→ EXTRACTED MATERIAL:
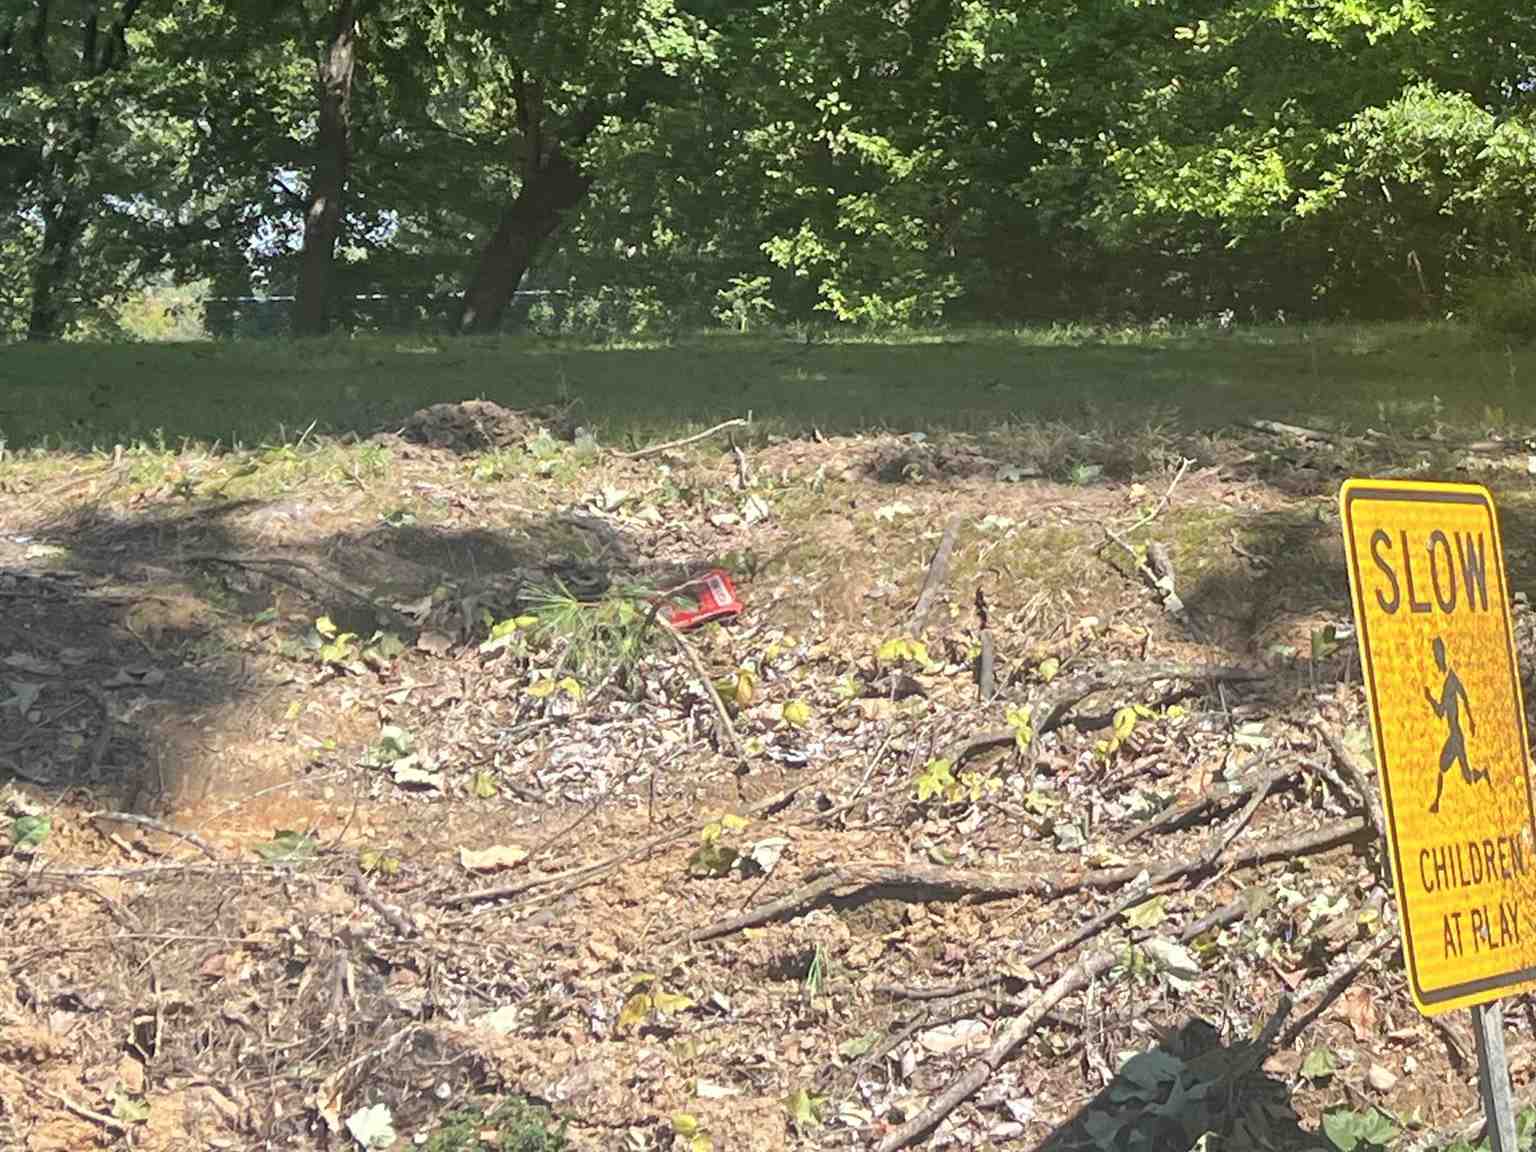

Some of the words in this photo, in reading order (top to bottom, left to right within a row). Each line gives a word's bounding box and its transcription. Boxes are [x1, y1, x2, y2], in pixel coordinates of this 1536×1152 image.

[1370, 528, 1489, 615] SLOW
[1419, 832, 1526, 893] CHILDREN
[1443, 911, 1463, 960] AT
[1470, 901, 1520, 953] PLAY
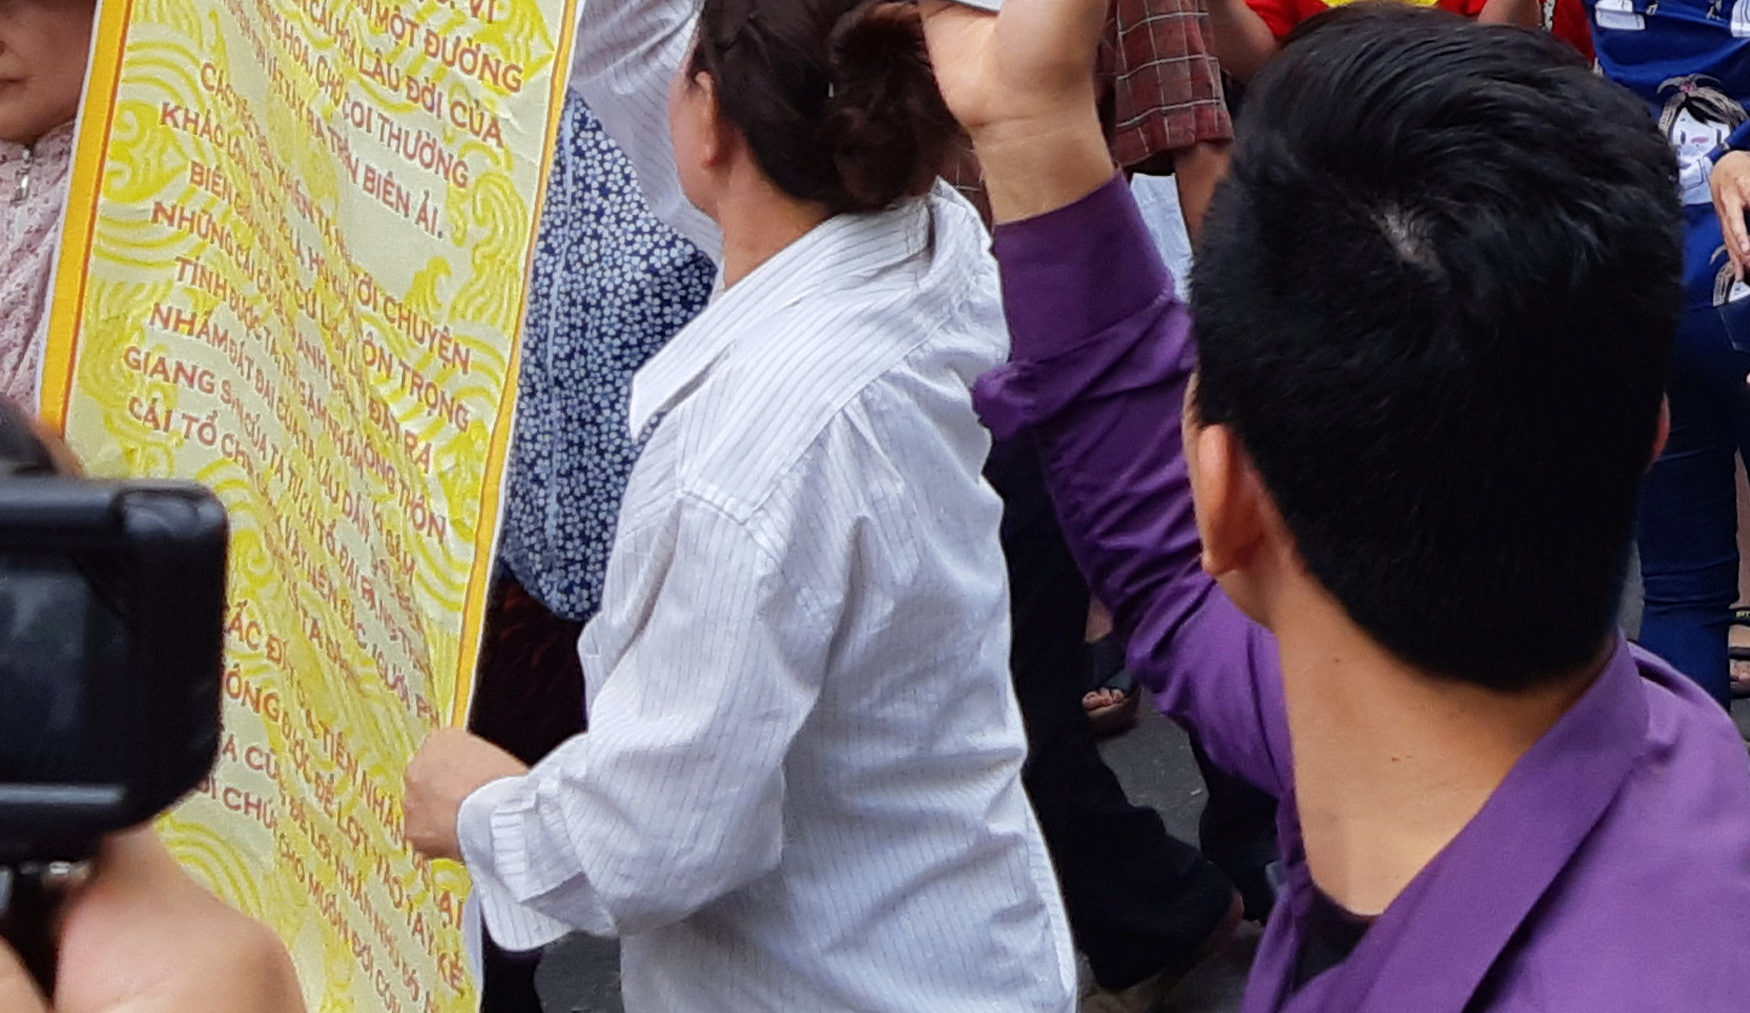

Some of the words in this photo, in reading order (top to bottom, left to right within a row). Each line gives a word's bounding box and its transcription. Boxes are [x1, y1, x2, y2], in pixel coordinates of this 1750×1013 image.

[374, 4, 421, 52] MỘT
[424, 28, 524, 93] ĐƯỜNG
[359, 48, 401, 94] LÂU
[406, 74, 444, 121] ĐỜI
[449, 98, 505, 148] CỦA
[377, 111, 471, 189] THƯỜNG
[362, 163, 411, 218] BIÊN
[415, 189, 445, 239] ẢI.
[159, 102, 225, 148] KHÁC
[398, 361, 470, 433] TRỌNG
[175, 255, 228, 302] TÍNH
[189, 160, 232, 206] BIÊN
[404, 430, 434, 474] RA
[383, 300, 472, 376] CHUYỆN
[123, 345, 217, 397] GIANG
[151, 200, 234, 257] NHỮNG
[399, 481, 448, 546] THÔN
[127, 396, 174, 435] CÁI
[181, 406, 218, 448] TỔ
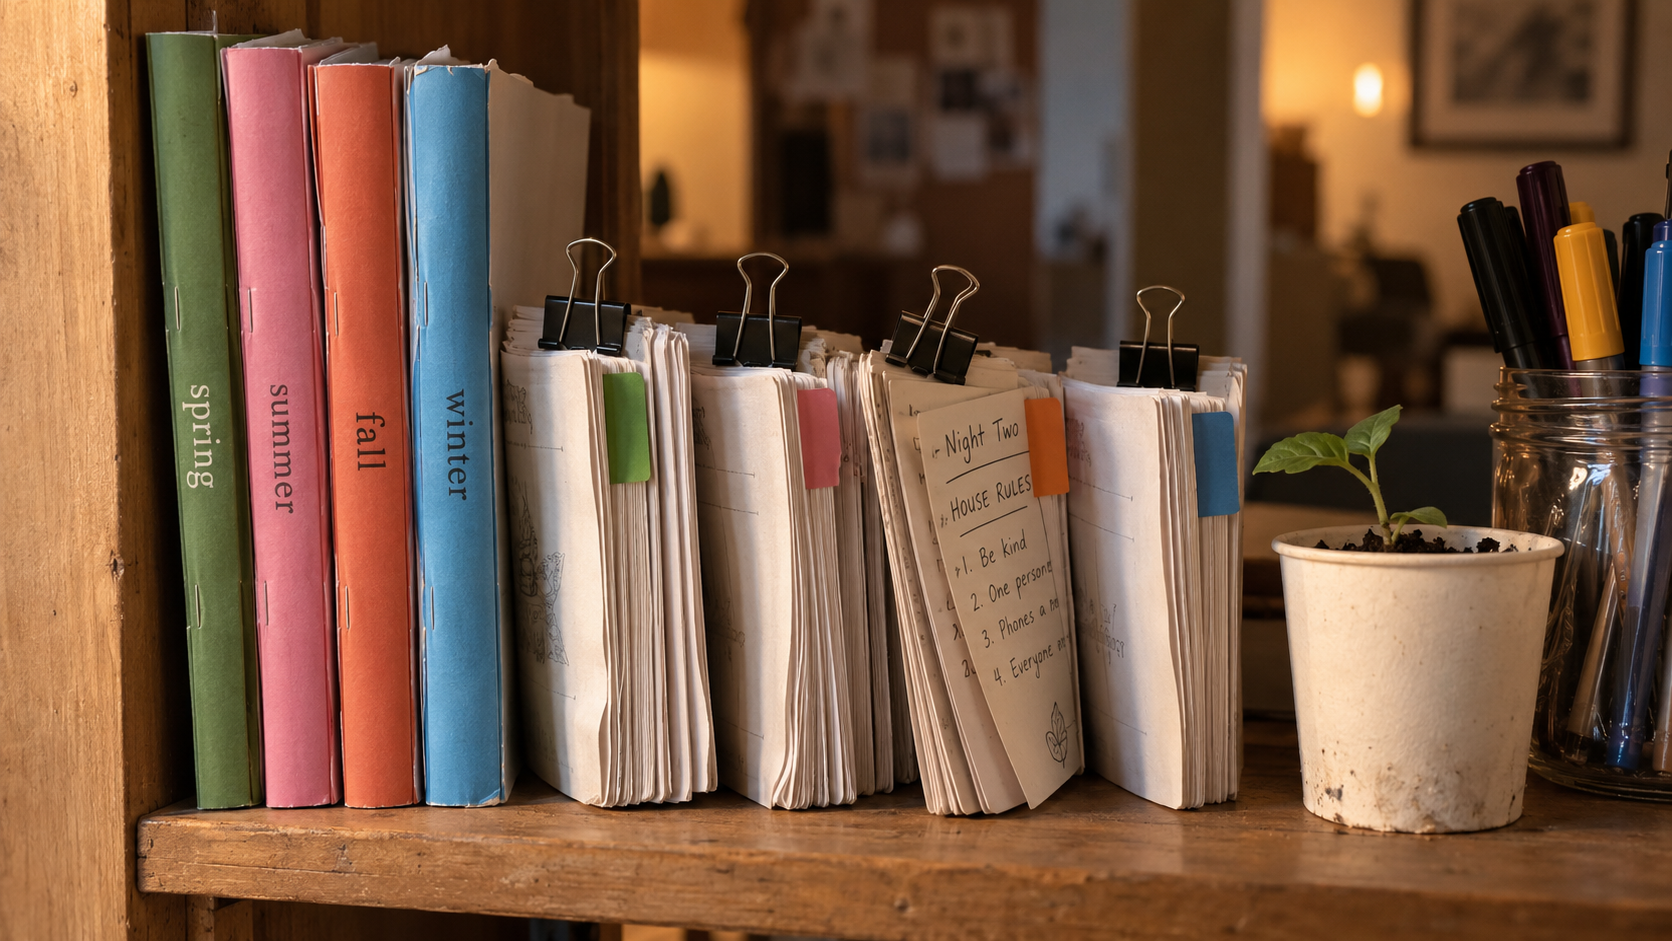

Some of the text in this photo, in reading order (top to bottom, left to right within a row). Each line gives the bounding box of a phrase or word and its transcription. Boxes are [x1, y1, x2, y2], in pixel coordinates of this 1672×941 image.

[182, 384, 221, 489] spring
[269, 383, 294, 514] summer
[355, 411, 387, 472] fall
[445, 388, 473, 501] winter
[944, 422, 985, 464] Night
[992, 417, 1019, 442] Two
[950, 489, 990, 522] HOUSE
[996, 473, 1032, 502] RULES
[979, 546, 996, 568] Be
[1000, 528, 1028, 559] kind
[970, 592, 984, 612] 2.
[988, 583, 1010, 604] One
[981, 629, 994, 649] 3.
[998, 609, 1035, 640] Phones
[993, 666, 1006, 686] 4.
[1009, 643, 1054, 679] Everyone

→ REQUIREMENT: Each entry shown above must be quoted exactly, with its pictures left out.

→ TASK RESULT:
Some of the words in this photo, in reading order (top to bottom, left to right within a row). Each line gives a word's bounding box and its transcription. Boxes are [x1, y1, x2, y2], in pixel coordinates of this 1536×1152 image.

[1370, 528, 1489, 615] SLOW
[1419, 832, 1526, 893] CHILDREN
[1443, 911, 1463, 960] AT
[1470, 901, 1520, 953] PLAY

Some of the words in this photo, in reading order (top to bottom, left to right within a row). Each line gives a word's bounding box and its transcription. Boxes are [x1, y1, x2, y2], in pixel coordinates of this 1750×1013 image.

[374, 4, 421, 52] MỘT
[424, 28, 524, 93] ĐƯỜNG
[359, 48, 401, 94] LÂU
[406, 74, 444, 121] ĐỜI
[449, 98, 505, 148] CỦA
[377, 111, 471, 189] THƯỜNG
[362, 163, 411, 218] BIÊN
[415, 189, 445, 239] ẢI.
[159, 102, 225, 148] KHÁC
[398, 361, 470, 433] TRỌNG
[175, 255, 228, 302] TÍNH
[189, 160, 232, 206] BIÊN
[404, 430, 434, 474] RA
[383, 300, 472, 376] CHUYỆN
[123, 345, 217, 397] GIANG
[151, 200, 234, 257] NHỮNG
[399, 481, 448, 546] THÔN
[127, 396, 174, 435] CÁI
[181, 406, 218, 448] TỔ

Some of the text in this photo, in reading order (top to bottom, left to right within a row). Each line gives the bounding box of a phrase or word and its transcription. Boxes are [x1, y1, x2, y2], in pixel coordinates of this 1672×941 image.

[182, 384, 221, 489] spring
[269, 383, 294, 514] summer
[355, 411, 387, 472] fall
[445, 388, 473, 501] winter
[944, 422, 985, 464] Night
[992, 417, 1019, 442] Two
[950, 489, 990, 522] HOUSE
[996, 473, 1032, 502] RULES
[979, 546, 996, 568] Be
[1000, 528, 1028, 559] kind
[970, 592, 984, 612] 2.
[988, 583, 1010, 604] One
[981, 629, 994, 649] 3.
[998, 609, 1035, 640] Phones
[993, 666, 1006, 686] 4.
[1009, 643, 1054, 679] Everyone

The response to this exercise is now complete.